Tags: coffee | shortage | climate change

Coffee Shortage? Climate Change Wreaking Havoc on Your Cup of Joe

Image: Coffee Shortage? Climate Change Wreaking Havoc on Your Cup of Joe

Climate change could be leading the globe toward a coffee shortage, according to a report. (Joe Raedle/Getty Images)

By    |   Wednesday, 31 Aug 2016 06:20 AM

A worldwide coffee shortage is looming — not in a far-off, dystopian future, but now. Scientists are producing alarming findings that climate change is affecting both the quantity and quality of coffee beans.

Research published by The Climate Institute in Sydney, Australia, has reported on climate change’s devastating effects on coffee crops and a projected shortage in the commodity’s future.
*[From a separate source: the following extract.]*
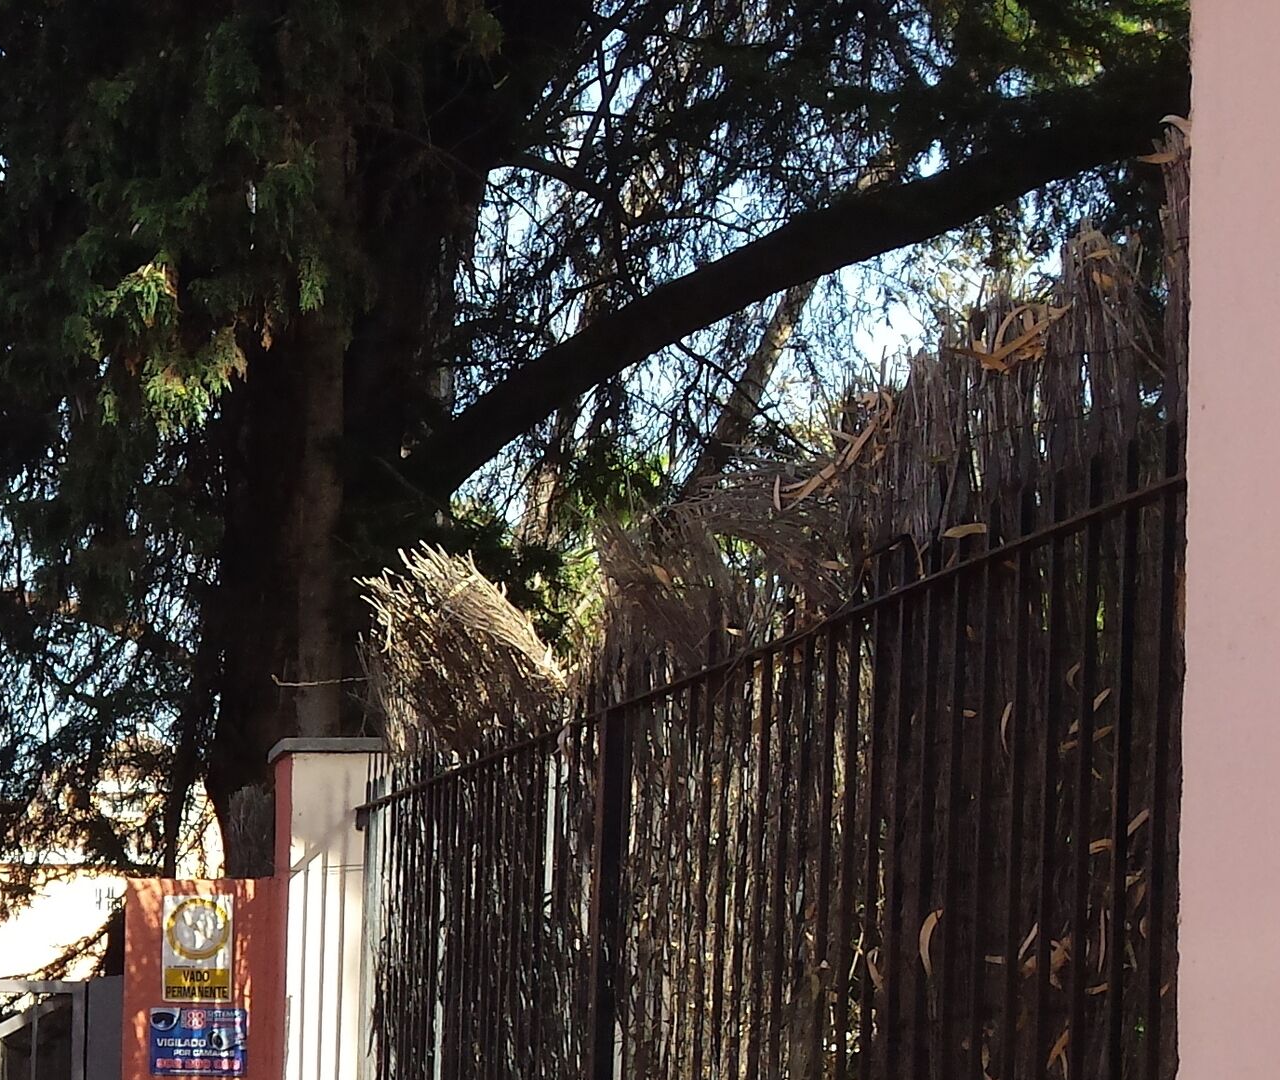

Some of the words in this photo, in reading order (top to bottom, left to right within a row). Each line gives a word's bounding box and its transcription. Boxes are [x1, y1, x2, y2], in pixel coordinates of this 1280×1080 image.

[183, 970, 210, 982] VADO
[165, 986, 228, 999] PERMANENTE
[156, 1038, 206, 1047] VIGILADO
According to the report, climate change is contributing to a worldwide coffee shortage in three ways.

“Around the Bean Belt, rising minimum growing temperatures, changes in rainfall patterns, and rising pest and disease incidence, are already making life harder for coffee farmers,” said the report’s author, Corey Watts, a former policy and science projects manager at The Climate Institute.

The most popular varietal of coffee bean is grown in tropical highlands, where ideal temperatures are between 64 degrees and 70 degrees Fahrenheit.

If consistent temperatures were to rise above 73 degrees, bean quality and crop health would suffer significantly.

The rising temperatures have led to another extreme and erratic climate change in coffee-growing regions: droughts and downpours.

Drought was responsible for destroying a third of Brazil’s coffee crop in 2014.

Heavy rains and warmer temperatures have led to rise in crop disease and pest population.

Coffee leaf rust is a fungus that has wreaked havoc on Central American and South American coffee yields as it has flourished in a warmer, wetter region. In 2012, the plant disease reportedly decimated as much as 85 percent of Guatemala’s coffee crop.

The population of coffee berry borer pests has exploded throughout the so-called Bean Belt from its native Congo. Steamier conditions have not only driven the borer out wider, but higher.

According to the report, the borer was now found nearly a thousand feet higher on Mount Kilimanjaro than where it was recorded last century.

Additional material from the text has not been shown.